14. The Supreme Court returned to the unduly harsh test in HA (Iraq) v Secretary of State for the Home Department [2022] UKSC 22 where it approved the self-direction given by the Upper Tribunal at [46] of the decision in MK (Section 55: Tribunal Options: Sierra Leone) [2015] UKUT 223:
“…By way of self-direction, we are mindful that “unduly harsh” does not equate with uncomfortable, inconvenient, undesirable or merely difficult. Rather, it poses a considerably more elevated threshold. “Harsh” in this context, denotes something severe, or bleak. It is the antithesis of pleasant or comfortable. Furthermore, the addition of the adverb “unduly” raises an already elevated standard still higher…”
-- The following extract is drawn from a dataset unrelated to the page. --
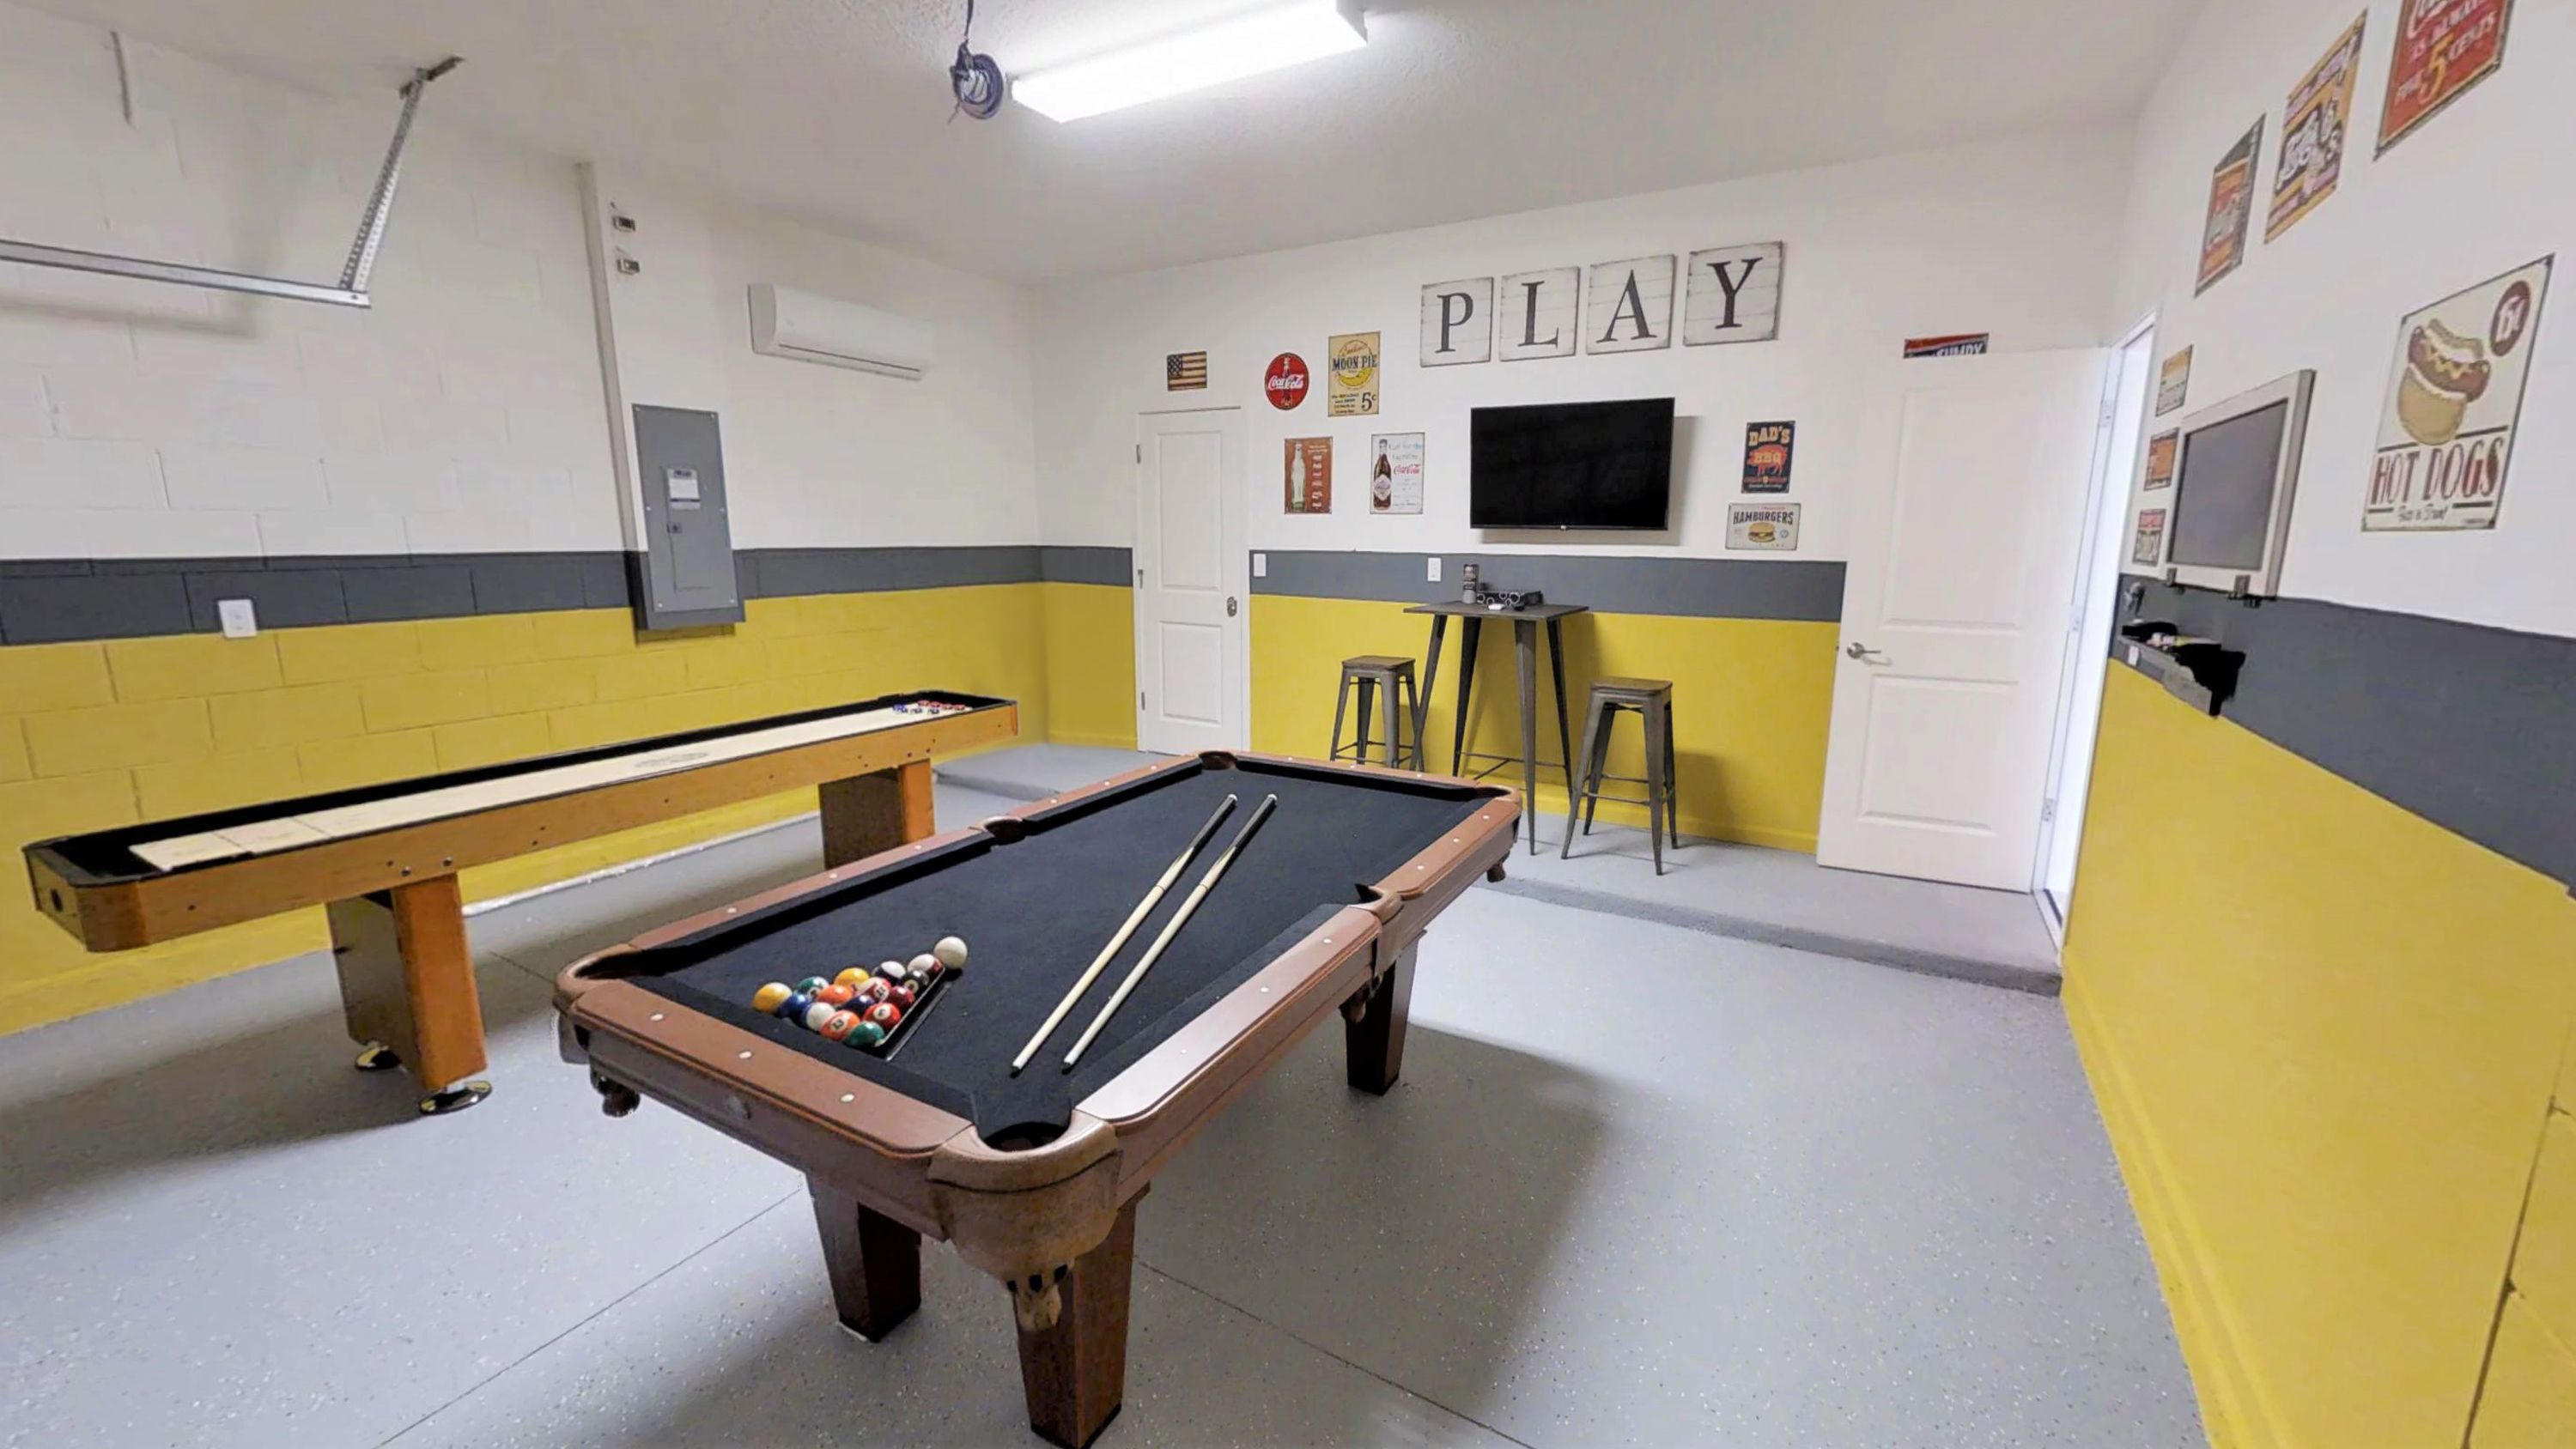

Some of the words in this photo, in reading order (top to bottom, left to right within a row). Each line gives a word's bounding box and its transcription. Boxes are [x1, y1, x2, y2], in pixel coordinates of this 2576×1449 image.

15. We take into account that the judge does refer to KO (Nigeria) v Secretary of State for the Home Department [2018] UKSC 53 and HA (Iraq) at [18] and [19] although we note that she does not refer to the paragraphs in HA (Iraq) regarding the MK self-direction or to MK itself.
16. As Mr McVeety, on behalf of the respondent, submitted, the judge attached significant weight to the report dated 2 May 2023 prepared by the ISW in reaching her finding that it would be unduly harsh on the appellant’s children for the appellant to be deported to India. The judge quotes from two passages of the ISW’s report at [22] and [23] and returns to it in her findings on unduly harsh consequences at [27].
17. The respondent criticises that report on the basis the ISW failed to detail how the appellant’s separation from his children “has had a negative effect on the children that differs from those caused by his offending”; failed to explain the role the appellant currently plays in his children’s lives; and failed to explain what specific detrimental impact the separation has had on the children, for example in relation to their education or physical or mental health.
18. We have several concerns about the ISW’s report. The first is that it was written without the ISW having had sight of any Family Court documents relating to the measures put in place by social services and the Probation Service following the appellant’s conviction for child pornography offences preventing the appellant from having direct unsupervised contact with his children. It is plain that the contents of those documents would be a very important consideration in any social worker’s report. (We also note that the Family Court documents were not before the First-tier Tribunal either, which appears to be a significant failure of case management.)
19. The second is that when completing the Welfare Checklist in accordance with the Children Act 1989 at page 13 of the report, the ISW states that he is “highly concerned about the offence the appellant has been convicted of” under section (f) (“how capable each of [the child’s] parents and any other person in relation to whom the court considers the question to be relevant, is of meeting [the child’s] needs”), yet he fails to factor this into the consideration at (e) (“any harm which [the child] has suffered or is at risk of suffering”). In assessing ”any harm which he has suffered or is at risk of suffering” the ISW simply states, “On balance, it is my view that the children would suffer significant emotional harm if their father were deported and even more physically removed from their lives”. We find the ISW’s failure to consider the nature of the appellant’s offending at section (e) as a safeguarding issue that needed to be evaluated was an astonishing oversight.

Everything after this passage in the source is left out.